Quelle vision nous habite ? Matthieu, Isaïe et Paul dans la seconde lecture nous éduquent à une vision ouverte sur tout l'univers, appuyée sur les Écritures particulières. Nul n'est exclu. La tradition a vu ces Mages comme des représentants de toutes les cultures et races. Leurs trois dons ont suggéré chez les uns qu'ils étaient trois, avec des noms et des races : noire, jaune et blanche (Gaspar, Melchior et Balthasar). Mais chez les Syriens par exemple ils sont douze (comme les douze apôtres et les douze tribus du peuple Israël et les douze signes du zodiaque !), avec chacun également un nom propre. Ils offrent de l'or, et reconnaissent ainsi en l'enfant le roi ; ils offrent de l'encens et reconnaissent ainsi en l'enfant Dieu et ils offrent de la myrrhe, qui servira pour sa sépulture, il est né homme, et donc mortel comme nous tous. «  Roi  », «  Dieu  » et «  homme  », voilà ce que leurs dons expriment comme confession. L'un regarde l'étoile, c'est le plus jeune, l'autre adulte au milieu de la vie, montre son cœur mais l'ancien, le plus avancé en âge, est aussi le plus proche de l'Enfant : on le voit à genoux, baisant le pied de l'enfant. La connaissance progresse, de l'extérieur vers l'intérieur, et à l'intérieur vers l'adoration de l'absolu en cet Enfant. Voilà comment les Pères de l'Eglise et les artistes ont visualisé ce tableau, décrit une première fois par le grand évangéliste Matthieu.
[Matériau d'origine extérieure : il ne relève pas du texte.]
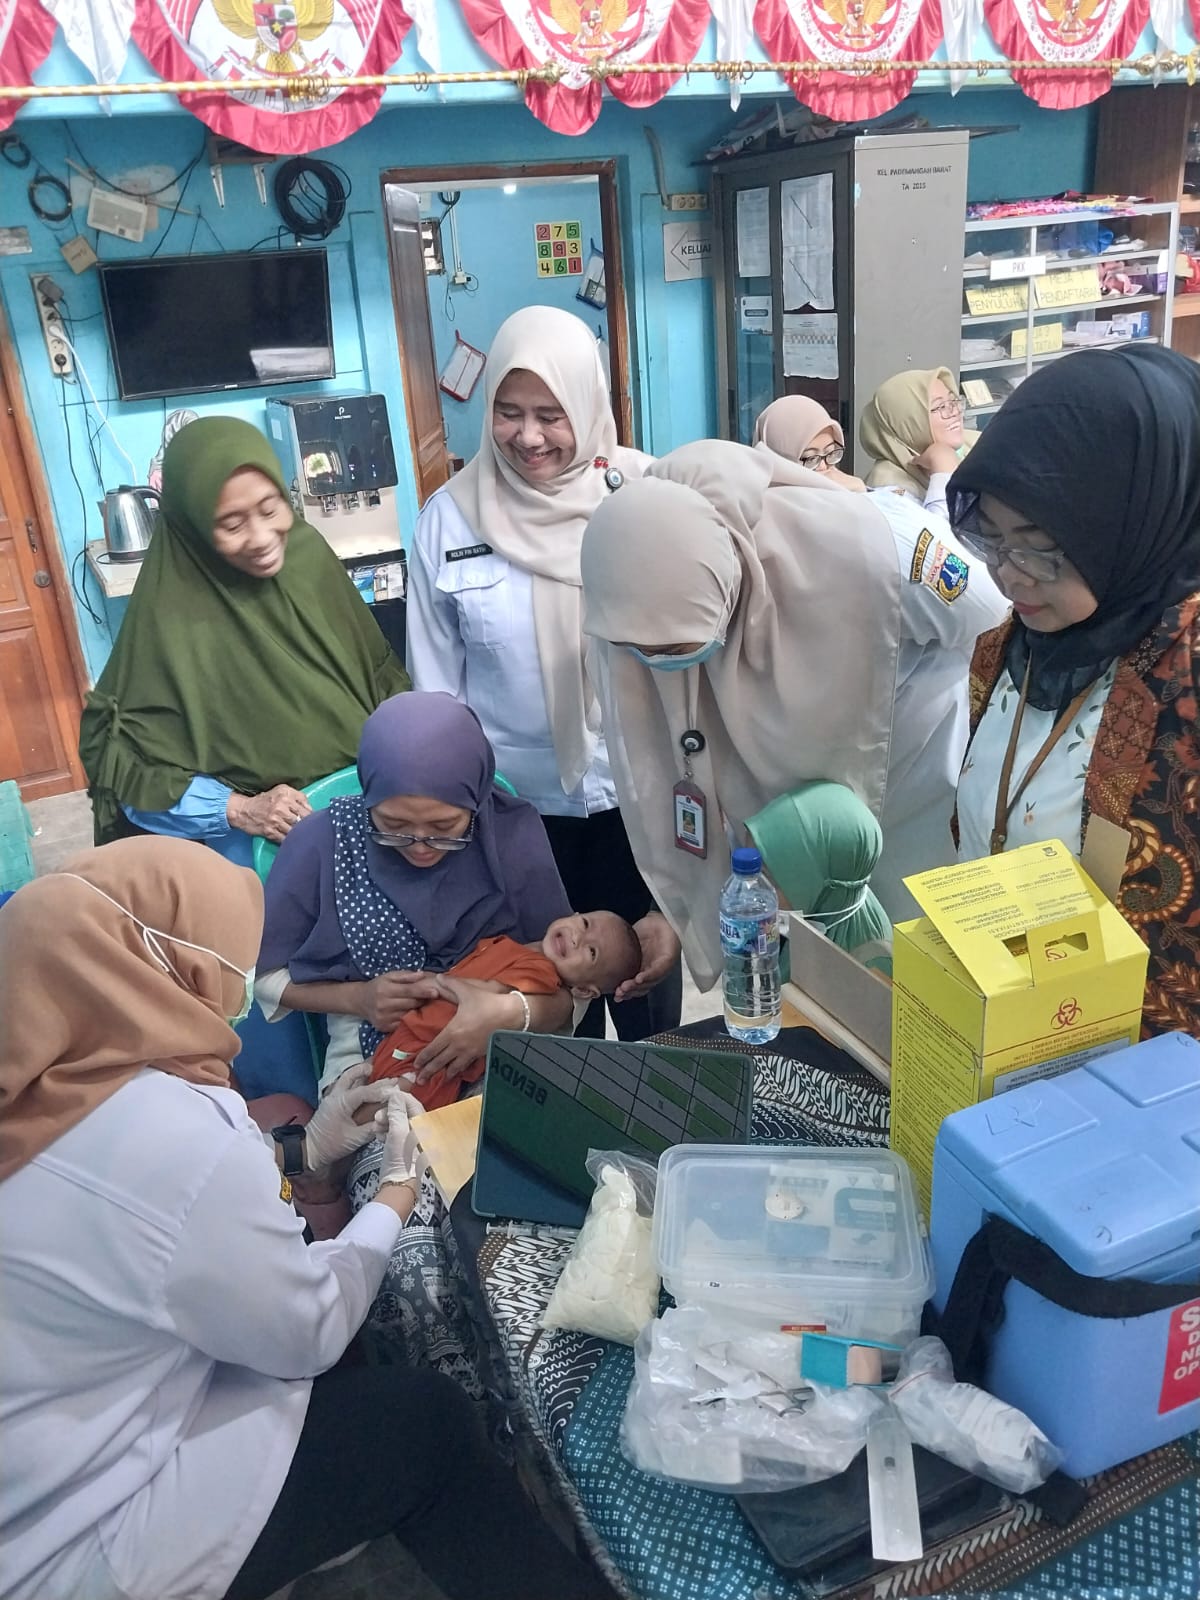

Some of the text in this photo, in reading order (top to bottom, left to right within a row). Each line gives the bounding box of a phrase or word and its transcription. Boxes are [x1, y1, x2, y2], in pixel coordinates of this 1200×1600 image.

Il existe même une tradition qui parle d'un Quatrième Roi mage. Il s'est perdu en cours route, cela peut arriver à nous tous, il arrive en retard à Jérusalem et interroge encore : «  où est le nouveau roi des Juifs ?  » Il est conduit à une montagne en dehors de la ville : il voit les yeux dans les yeux, le Roi des Juifs, avec l'écriteau, suspendu à une croix, et il entend, de façon inoubliable, on le raconte jusqu'à aujourd'hui dans les textes, ce que ce Roi a dit à un des deux larrons : «  Aujourd'hui tu seras avec moi dans le paradis !  »

Venez adorons. Venez confesser et reconnaître celui qui dans sa fragilité, son humanité pauvre et marginale, sera appelé à devenir le sauveur du monde, l'agneau qui enlève le péché du monde. Laissons-nous inspirer par l'évocation de l'évangéliste et soyons à notre tour, au nom de ce Jésus, des mages, des sages messagers d'une bonne nouvelle pour le monde entier !

Que l'universel et le particulier se rejoignent ici et maintenant, dans notre accueil du frère, de la sœur, qui marche à côté de nous.

Lors d'un grand congrès interreligieux où l'on avait beaucoup parlé entre bouddhistes, chrétiens, hindous et musulmans, c'était au Japon, à la fin du siècle dernier, un moine Vietnamien qui était un peu las du trop de paroles, a sorti de sa robe une dessin, une mappemonde, avec les cinq continents. Il a déchiré le dessin devant tout le monde et demandé à un jeune de remettre les morceaux en ordre, tous ensemble comme un puzzle. C'était assez pénible. Puis leur a suggéré : retournez maintenant toutes les pièces, et ils virent des fragments d'un visage unique : deux yeux, un nez, une bouche, deux oreilles... Qui discerne en tout le visage de l'autre homme refera plus vite le monde dans son unité et sa paix qu'en essayant de recoller tous les cinq continents lacérés par les conflits et les guerres.

Bonne année à tous ! Paix sur terre, ici même, et jusqu'aux extrémités du monde. Amen.

Prions ensemble, nous tous ici réunis, que ce premier dimanche de l'année soit comme une étoile qui éclaire notre nuit et nous donne de marcher avec entrain sous la conduite de l'évangile de Jésus-Christ, en intercédant largement pour chaque être humain sur notre petite planète bleue.

Seigneur notre Dieu.

En Jésus tu as pris notre condition humaine et tracé un chemin de justice et de paix.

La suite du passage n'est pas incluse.